Gladys April 12, 2010 at 7:07 pm

I’d like to follow your blog. Both your stories have hit home and brought up many memories of growing up with an alcoholic mother who was in denial. I guess all of us were.

Leah April 12, 2010 at 8:40 pm

Hope you share your stories here–lots of opportunities to comment & participate. Thanks for reading!

Chelle May 16, 2010 at 1:49 pm

Hmmm, I just watched the movie…which lead me here somehow…I think I loves this blog…I dont blog, dont really know how to do it…but I do love my cocktails…and to have ppl to share tails with are always a good thing.
Myself, I’m a beer lover…my flovor of the month is Molson Export, I guess I just love the “dirty” buzz. Beer makes me want to naughty; “is that bad?”
i know I have more to say on this subject but not now….

Lily King June 20, 2010 at 3:49 pm

Hi Leah and Caren,
I just stumbled onto your site because I was looking at Jennifer Eagan’s website and was intrigued that she had an interview with “Drinking Diaries.” I wondered what that was and here I am. I am excited to have found you. I have just written my third novel, to be published by Grove/Atlantic in early July, called FATHER OF THE RAIN, which spans 34 years of a daughter’s relationship with her alcoholic father. It took me nearly five years to write and definitely is a full expression of my feelings about the complexity of drinking and its effects on a family. I’d love to send you a copy if I knew where to send it. Thanks for creating this site–it has so much to offer us all.
—Lily King

Leah June 21, 2010 at 10:19 am

Lily, we’d love to read the book and feature you on Drinking Diaries. Sounds fascinating. I messaged you on facebook. Best, Leah

Maggie Morgan June 25, 2010 at 2:32 pm

I stumbled upon your blog by accident reading the Food News Journal and curious about the interview with Amanda Hesser.
It was very timely as I have just bailed out my adult son for the second time from alcohol abuse. The first time he was driving and side-swiped a cop car (God was watching over him and anyone in his path). This time for walking in an intoxicated state and i.d. ‘ed for the outstanding DWI warrants.
Frustration, anger, pain & hard love are all the emotions I’m feeling.
I will keep reading your posts in hopes of finding some answers to help.

Kim July 20, 2010 at 2:13 pm

I think it was meant for me to find this blog.

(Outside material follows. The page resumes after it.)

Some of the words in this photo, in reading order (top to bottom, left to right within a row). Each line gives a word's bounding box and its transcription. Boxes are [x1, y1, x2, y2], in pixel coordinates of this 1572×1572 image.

I was reading Beyond Blue on Belief.net by Therese J. Borchard and found the article with the link to the Yale study to this blog. I say meant for me to find because I realized the other day I may have a problem with alchohol. I drink everyday and not even to get drunk just because I feel like I need it to deal with my emotional problems. Thank you for this blog.

christine July 21, 2010 at 11:12 am

found this site by accident and I am so glad I did, active member of AA is good to see and hear from others how alchohol affects them thank you great site.

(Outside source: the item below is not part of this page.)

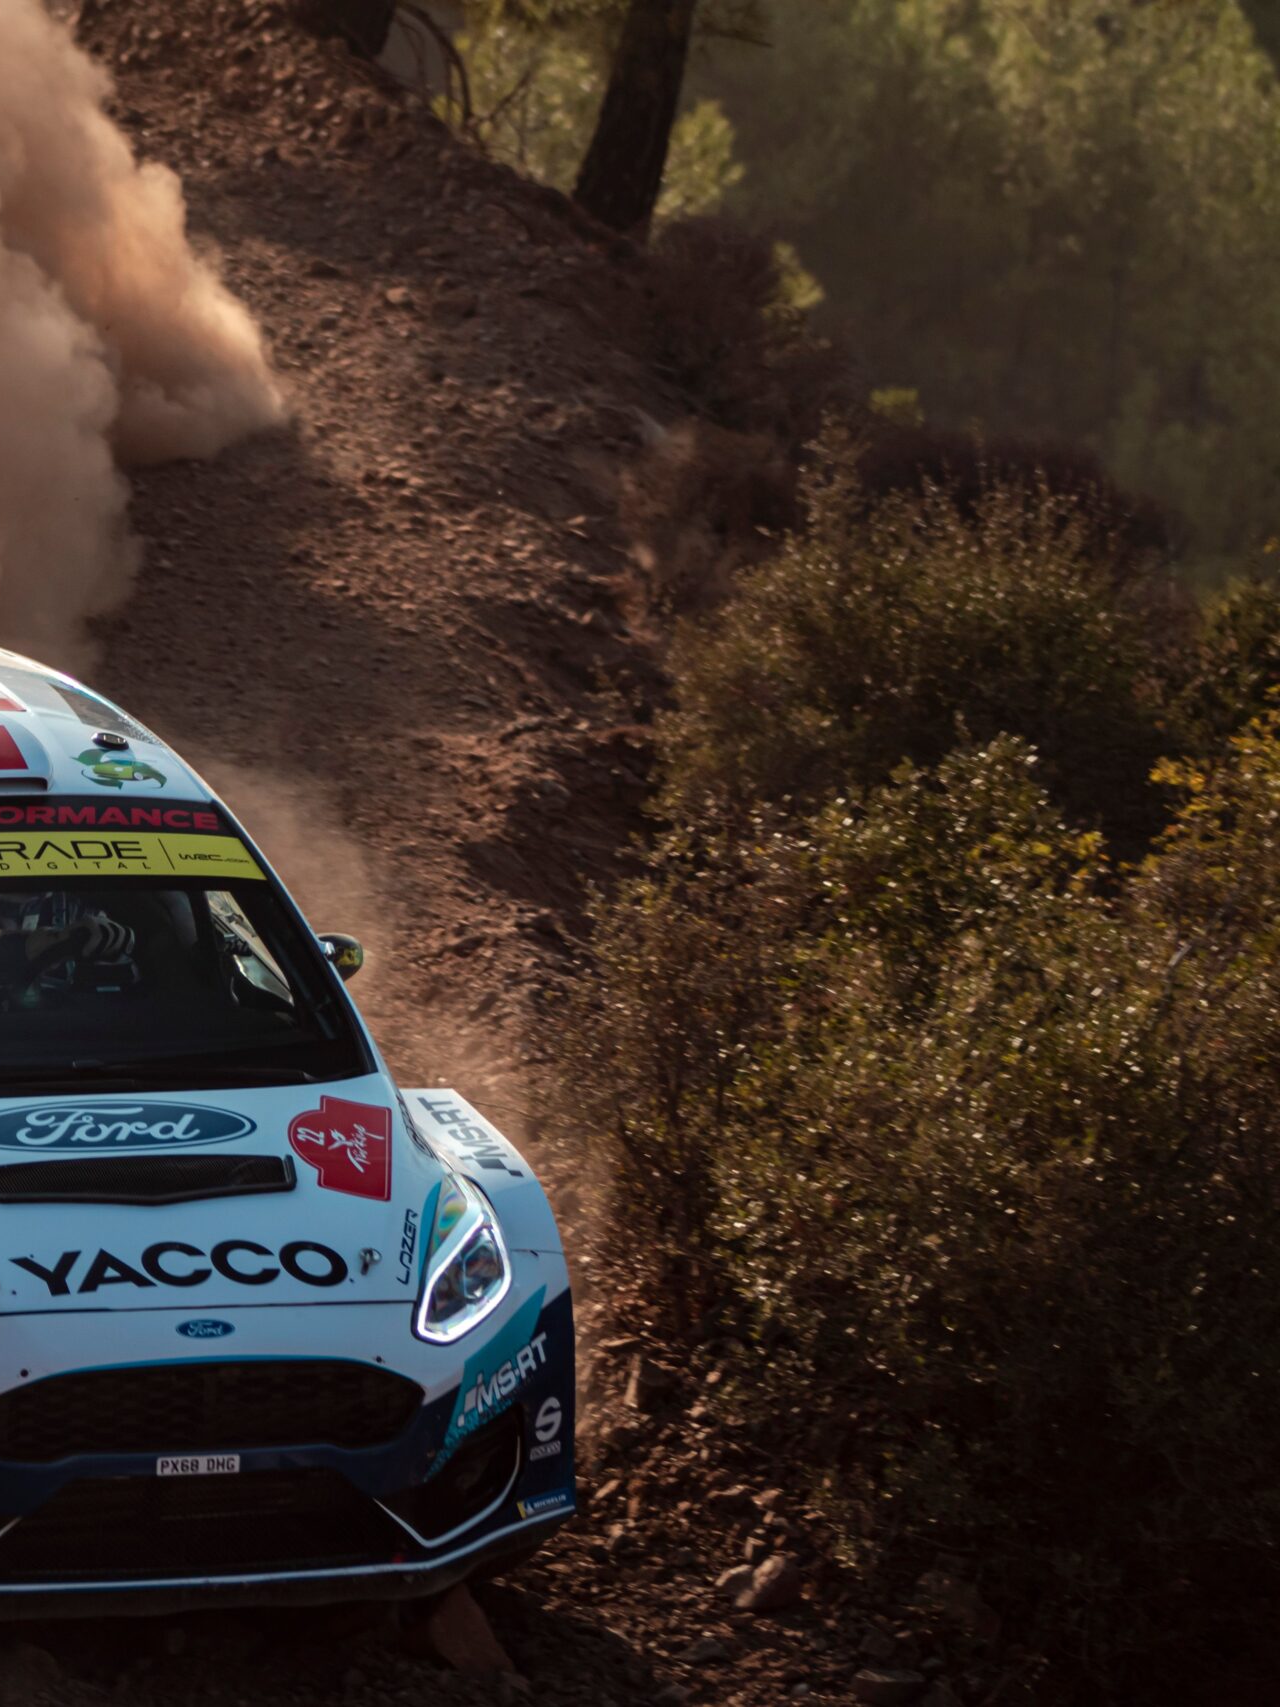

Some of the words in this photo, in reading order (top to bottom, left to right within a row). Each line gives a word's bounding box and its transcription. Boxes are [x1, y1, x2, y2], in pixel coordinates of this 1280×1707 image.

Chelle July 26, 2010 at 8:47 pm

So, made dinner tonight..had a beer, cause I love beer…1 lead to 3…wishing I had someone to enjoy drinks while cooking… with…

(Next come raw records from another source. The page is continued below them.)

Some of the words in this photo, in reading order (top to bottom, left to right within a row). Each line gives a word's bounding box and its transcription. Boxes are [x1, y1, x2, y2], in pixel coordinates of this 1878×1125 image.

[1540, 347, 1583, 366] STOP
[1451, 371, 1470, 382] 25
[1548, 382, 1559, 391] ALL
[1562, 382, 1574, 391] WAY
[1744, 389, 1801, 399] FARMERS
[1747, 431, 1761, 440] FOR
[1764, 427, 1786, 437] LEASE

Peggy July 29, 2010 at 3:15 pm

I am trying to stop drinking…I want to and pray to but keep going back to it…I am tired and weary…so many things i have done over 30 years…I am 54 and want my life to be what it should be. Therapists tell me I don’t want it enough, I know i do but i am afraid…I hate it…
Thanks for listening. I am glad I found this website quite by accident…

Kris July 29, 2010 at 3:38 pm

I just celebrated a year of sobriety and am very grateful that. Of late, some of my demons have been rearing their ugly heads and it’s been kinda tough to take, but it’s part of the process. I come from a long line of drinkers (many, many generations of alchies in my fam), and I don’t wish to pass on that heritage to my kids. I was not the best mom when my oldest (now 18) was growing up, and I see how it’s affecting her now. That is hard to take, even though she insists she forgives me.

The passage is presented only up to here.